E' possibile accorpare o suddividere le sottotipologie previste dalla tabella 3 del TIT? L'impresa distributrice deve prevedere codici identificativi o denominazioni standard per le tariffe per il servizio di distribuzione di cui alla tabella 3 del TIT?

Non è possibile accorpare o suddividere le sottotipologie previste dalla tabella 3 del TIT. Si ritiene opportuna l'identificazione di appositi codici identificativi, che è auspicabile vengano applicati in modo omogeneo a livello nazionale. A titolo esemplificativo nella tabella che segue sono riportati codici che potrebbero trovare applicazione generalizzata.

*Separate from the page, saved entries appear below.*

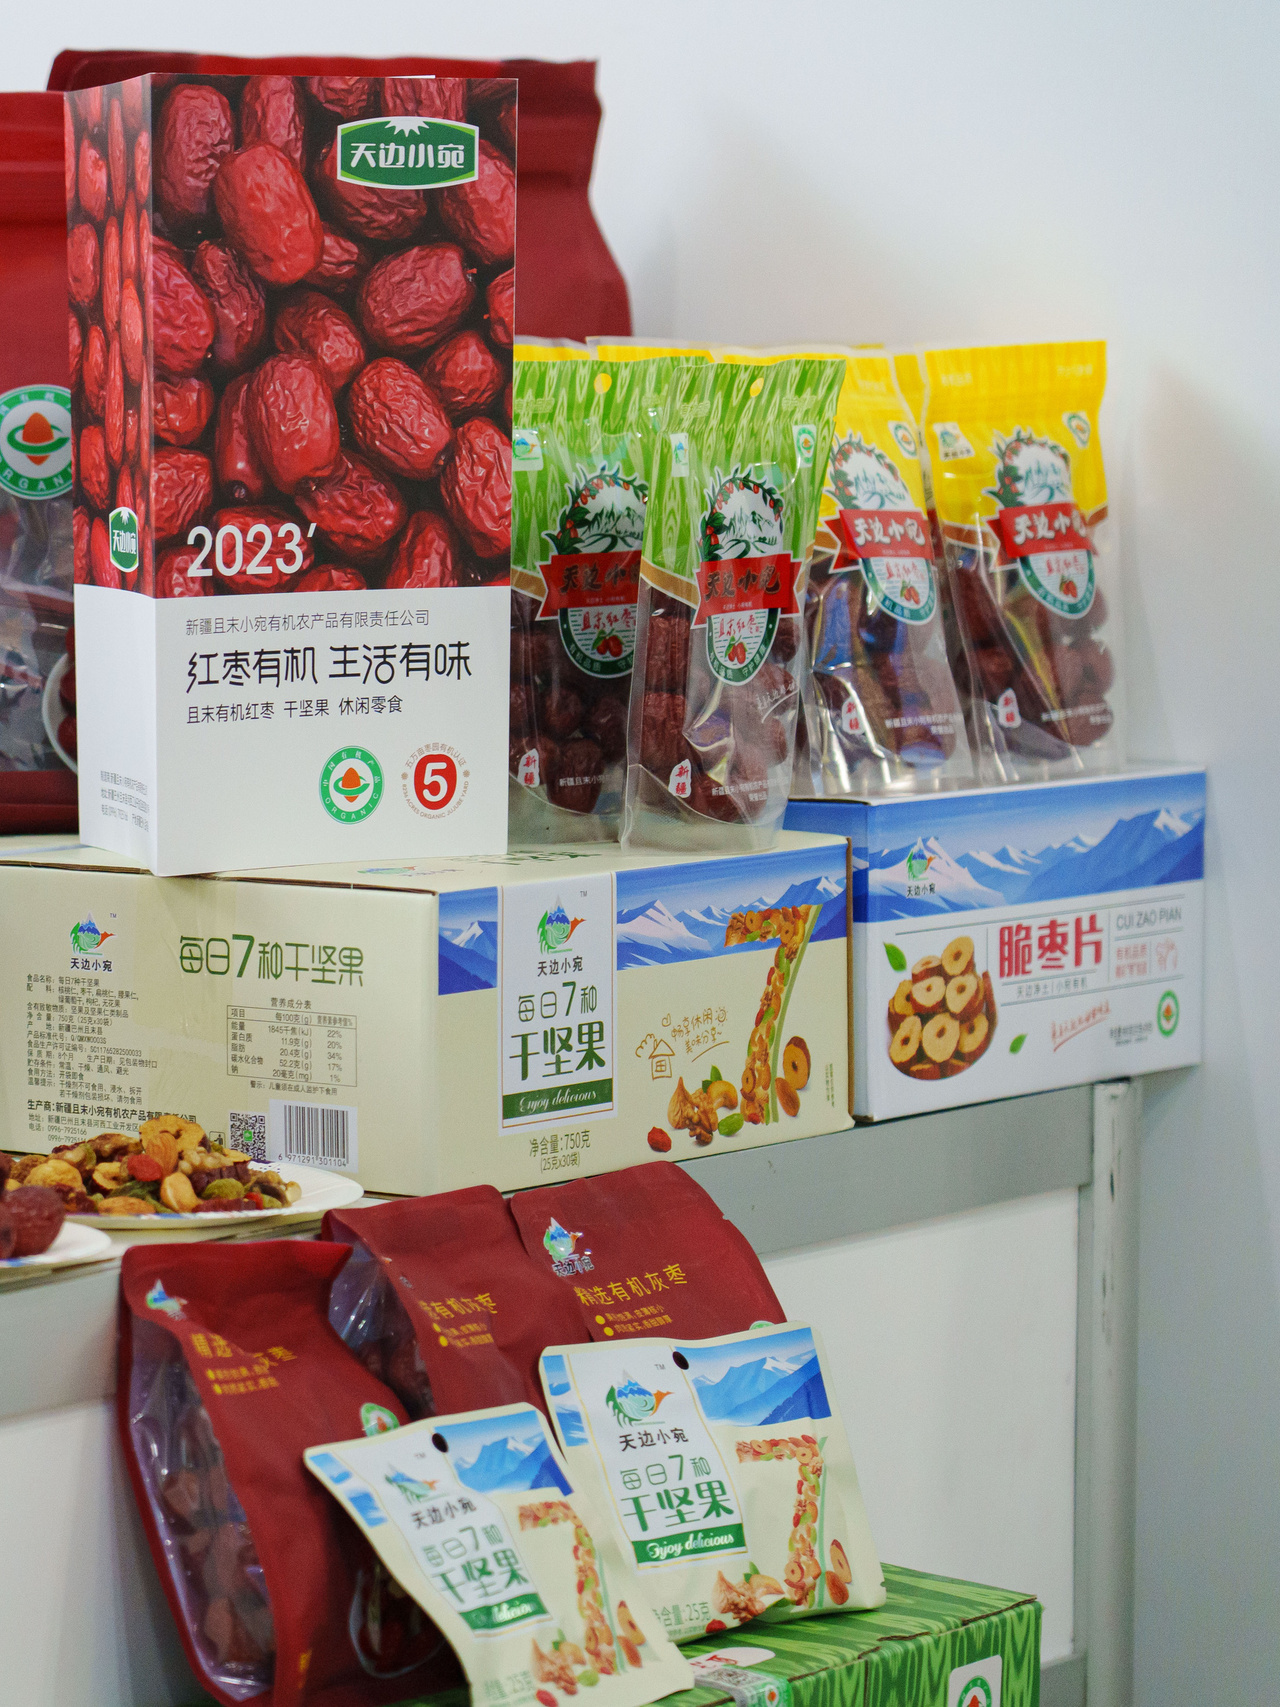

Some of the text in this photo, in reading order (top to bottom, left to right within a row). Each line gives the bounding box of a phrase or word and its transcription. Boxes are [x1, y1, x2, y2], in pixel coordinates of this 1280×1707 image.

[351, 142, 465, 169] 天边小宛
[185, 609, 430, 636] 新疆且末小宛有机农产品有限责任公司
[186, 641, 472, 693] 红枣有机 生活有味
[186, 695, 403, 724] 且末有机红枣 干坚果 休闲零食
[422, 761, 448, 802] 5
[325, 792, 379, 821] ORGANIC
[420, 811, 447, 820] ORGANIC
[461, 781, 470, 798] YARD
[179, 933, 364, 987] 每日7种干坚果
[999, 913, 1103, 979] 脆枣片
[70, 957, 113, 972] 天边小宛
[537, 955, 583, 977] 天边小宛
[231, 1008, 245, 1018] 项目
[271, 997, 312, 1010] 营养成分表
[517, 981, 597, 1023] 每日7种
[231, 1021, 246, 1031] 能量
[327, 1029, 342, 1039] 22%
[327, 1041, 342, 1050] 20%
[327, 1052, 342, 1061] 34%
[509, 1020, 606, 1082] 干坚果
[520, 1088, 597, 1115] Enjoy delicious
[529, 1128, 591, 1158] 净含量:750克
[619, 1427, 689, 1452] 天边小宛
[620, 1454, 711, 1491] 每日7种
[411, 1497, 477, 1530] 天边小宛
[621, 1480, 734, 1532] 干坚果
[685, 1529, 734, 1550] delicious
[430, 1547, 529, 1604] 干坚果
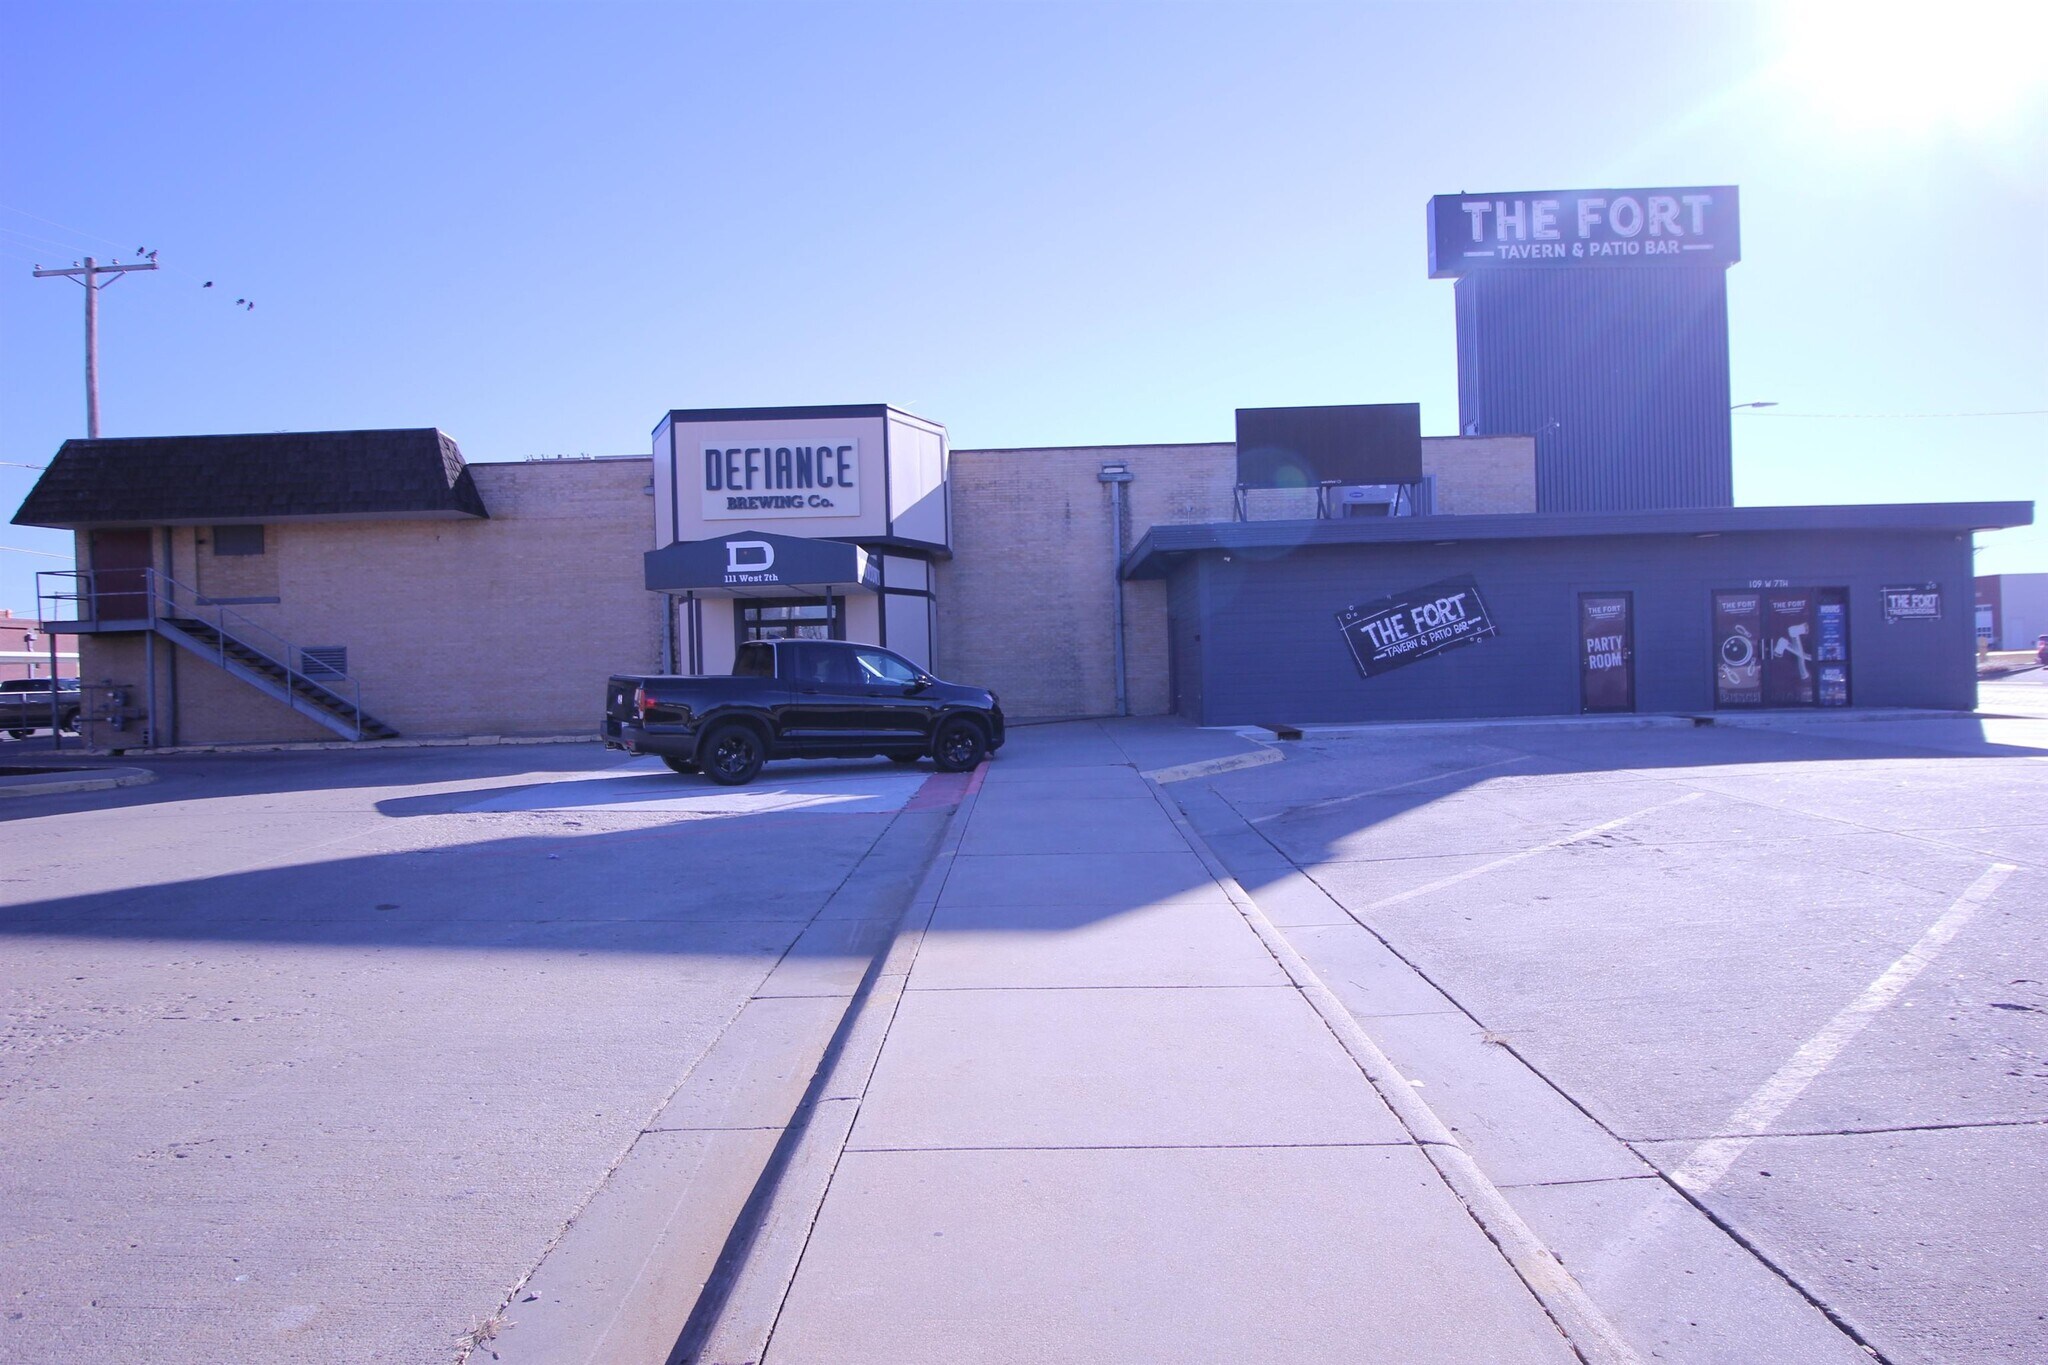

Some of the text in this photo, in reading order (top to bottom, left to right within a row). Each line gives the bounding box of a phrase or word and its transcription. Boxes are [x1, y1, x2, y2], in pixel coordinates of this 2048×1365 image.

Codici per le tariffe obbligatorie

Tipologie di contratto di cui al comma 2.2 Sottotipologia Codice
lettera b) Utenze in bassa tensione di illuminazione pubblica BTIP
lettera c) Altre utenze in bassa tensione con potenza disponibile fino a 16,5 kW per potenze impegnate inferiori o uguali a 1.5 kW BTA1
per potenze impegnate superiori a 1.5 kW e inferiori o uguali a 3 kW BTA2
per potenze impegnate superiori a 3 kW e inferiori o uguali a 6 kW BTA3
per potenze impegnate superiori a 6 kW e inferiori o uguali a 10 kW BTA4
per potenze impegnate superiori a 10 kW BTA5
Altre utenze in bassa tensione con potenza disponibile superiore a 16,5 kW BTA6
lettera d) Utenze in media tensione di illuminazione pubblica MTIP
lettera e) Altre utenze in media tensione con potenza disponibile fino a 100 kW MTA1
Altre utenze in media tensione con potenza disponibile superiore a 100 kW e fino a 500 kW MTA2
Altre utenze in media tensione con potenza disponibile superiore a 500 kW MTA3
lettera f) Utenze in alta e altissima tensione diverse da quelle di cui alla lettera g) ALTA
lettera g) Utenze in altissima tensione, superiore a 220 kV AATE

Il comma 49.2, lettera a) del TIQE prevede che il Fondo per eventi eccezionali sia alimentato dai clienti finali attraverso un'apposita maggiorazione della tariffa di distribuzione in ragione di un'aliquota annua fissata nella tabella 10 del TIQE. Non risulta chiaro cosa si intenda con il termine "maggiorazione". Significa che l'impresa distributrice deve aumentare il valore della tariffa obbligatoria applicata ai clienti finali a copertura dei costi del servizio di distribuzione di cui all'articolo 7 del TIT, dell'importo indicato nella tabella n. 10 del TIQE, oppure che deve stornare tale importo dalla tariffa obbligatoria di distribuzione di cui all'articolo 7 del TIT, in quanto quest'ultima già lo ricomprende?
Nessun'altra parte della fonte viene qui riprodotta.